Les images de la Cité du Rail sous les eaux sont choquantes. La ville qui a franchi ce samedi la barre des 128 mm de pluie a été inondée avec beaucoup de quartiers devenus infréquentables. A Kawsara Fall, Sampathé, Cité Senghor, Grand Thiès, Aiglon, Takhikao, Keur Mame El Hadji, Médina Fall, Nguinth, Keur Abdoulaye Yakhine…, les populations étaient dans un désarroi terrible à cause des eaux pluviales. Dans ces zones, la colère était à son paroxysme. Ces précipitations ont mis à nu le problème de l’assainissement de la ville aux deux gares.
Dans ces quartiers, les gens, très fatigués, n’ont pas fermé l’œil de la nuit, car ne sachant à quel saint se vouer. Plutôt que de rester dans les chambres à l’abri de l’eau et des intempéries, ils sont là, remuant terre et implorant le ciel pour que prenne fin ce calvaire. Munis de seaux, comme d’autres moyens du bord, ils évacuent les eaux de leurs domiciles et des rues. Même à travers les artères de la ville qui, d’habitude, n’ont jamais été inondées, c’est le sauve-qui-peut. Les automobilistes regardent impuissants leurs véhicules qui sont tombés en panne à cause de ces fortes averses.
Ce n’est pas seulement le triste décor de cette ville : il y a l’effondrement de certaines parties de nombreuses maisons à Kawsara Fall, occasionnant des blessés accidentels. Le trafic, lui, a été complétement paralysé, les commerces et services fermés, les rues infréquentables, plusieurs concessions envahies par les eaux, des pans entiers de mur risquent de s’affaisser à cause de la forte humidité, des maisons désertées par leurs occupants partis à la recherche d’espaces plus viables, des matelas et autres meubles absorbés par les eaux, des dégâts matériels immenses. Impossible pour les digues de fortune de barrer la furie des vagues de pluie. Tel est le triste décor de Thiès après que le ciel a ouvert ses vannes ce samedi, à 10h. Que dire de la Chambre de commerce, d’industrie et d’agriculture de Thiès (Cciath) prise dans les eaux ? Le quartier Nguinth reste un cas particulier. Même en saison sèche, il ne s’assèche pas. Et les populations vivent avec cette souffrance depuis dix ans. Quid de Keur Mame El Hadji Ndié­guène, où l’équation des eaux de pluie mélangées à celles des fosses septiques peine à trouver solution par les sinistrés vivant le long du canal qui traverse leur quartier ? Ils mènent certaines actions de désinfestation dans bien des foyers et certains locaux pour s’offrir un petit réconfort.

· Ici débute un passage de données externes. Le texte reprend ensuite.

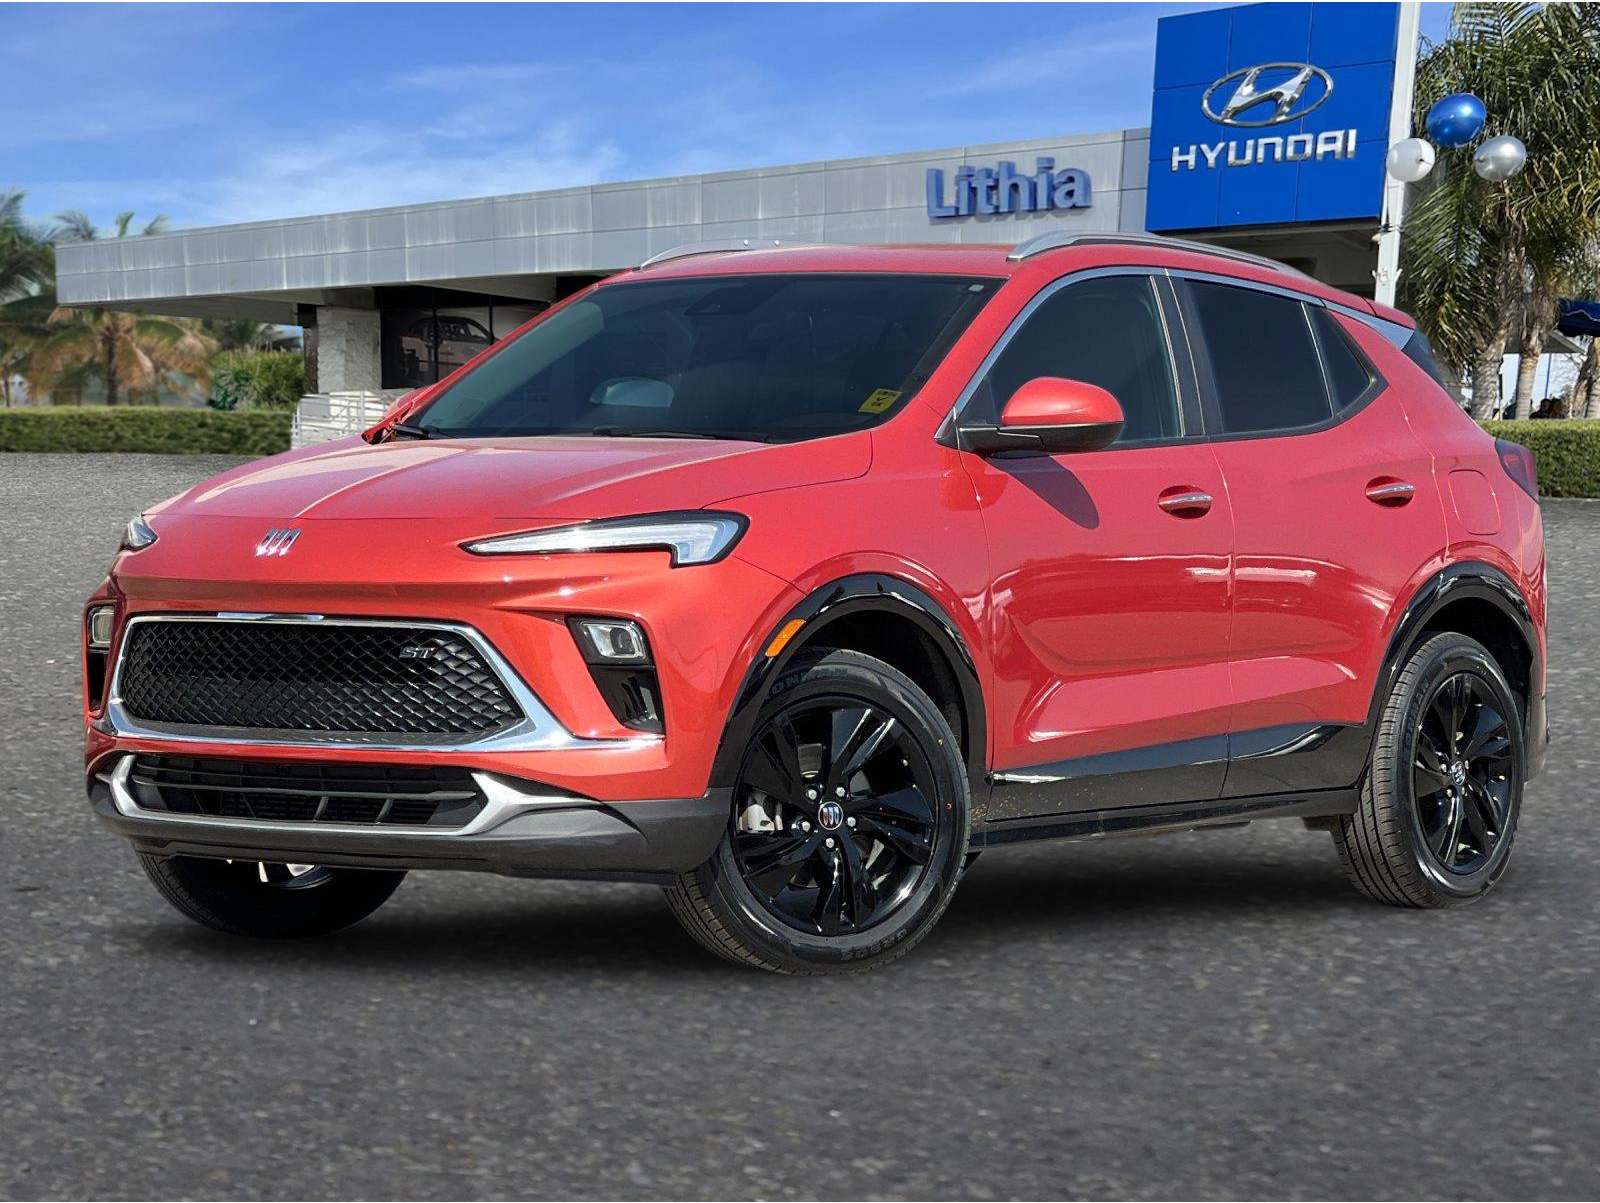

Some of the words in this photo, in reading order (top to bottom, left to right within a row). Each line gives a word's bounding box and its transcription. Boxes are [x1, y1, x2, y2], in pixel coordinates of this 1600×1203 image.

[1171, 128, 1358, 172] HYUNDAI
[926, 156, 1093, 218] Lithia
[399, 646, 436, 659] ST

Aujourd’hui, la hantise des inondations grandit à Thiès qui est la «la 2ème ville du pays après la capitale» où «les autorités municipales, indépendamment de la faillite de l’Etat, devraient avoir une politique d’assainissement conséquente à la dimension du rang de la Cité du Rail. Malheureusement, tel n’est pas le cas. Elles devraient unir leurs forces face aux inondations et au drainage des eaux». Aussi, selon les populations sinistrées, «l’Etat avait toujours promis d’aider les collectivités de la ville à concrétiser certaines actions de grande envergure», mais regrettent-elles, «aucun acte concret n’a été constaté sur le terrain. Que de promesses non tenues», s’étranglent-elles.
Selon des experts en aménagement, la ville de Thiès, logée dans une cuvette, reste le réceptacle des eaux pluviales qui dévalent des collines du plateau et ruissellent vers la vallée de Fandène. Elles ramassent des matériaux issus du décapage qu’elles déposent dans les zones de dépression. De sorte que le ruissellement entraîne l’accumulation de gravats et de boue qui obstruent les canaux d’évacuation et les grilles avaloirs. Un phénomène qui explique en grande partie les inondations dans certains quartiers de Thiès. A cela s’ajoutent des dysfonctionnements du réseau d’assainissement. «Thiès est une ville coloniale qui a beaucoup de conduites d’eau, beaucoup d’endroits où l’eau passe», rappelle Malick Diallo, enseignant à la retraite. Il pense que la ville a donc besoin «d’un plan directeur d’assainissement pour mettre les populations dans de meilleures conditions». Le constat est valable dans le reste du pays.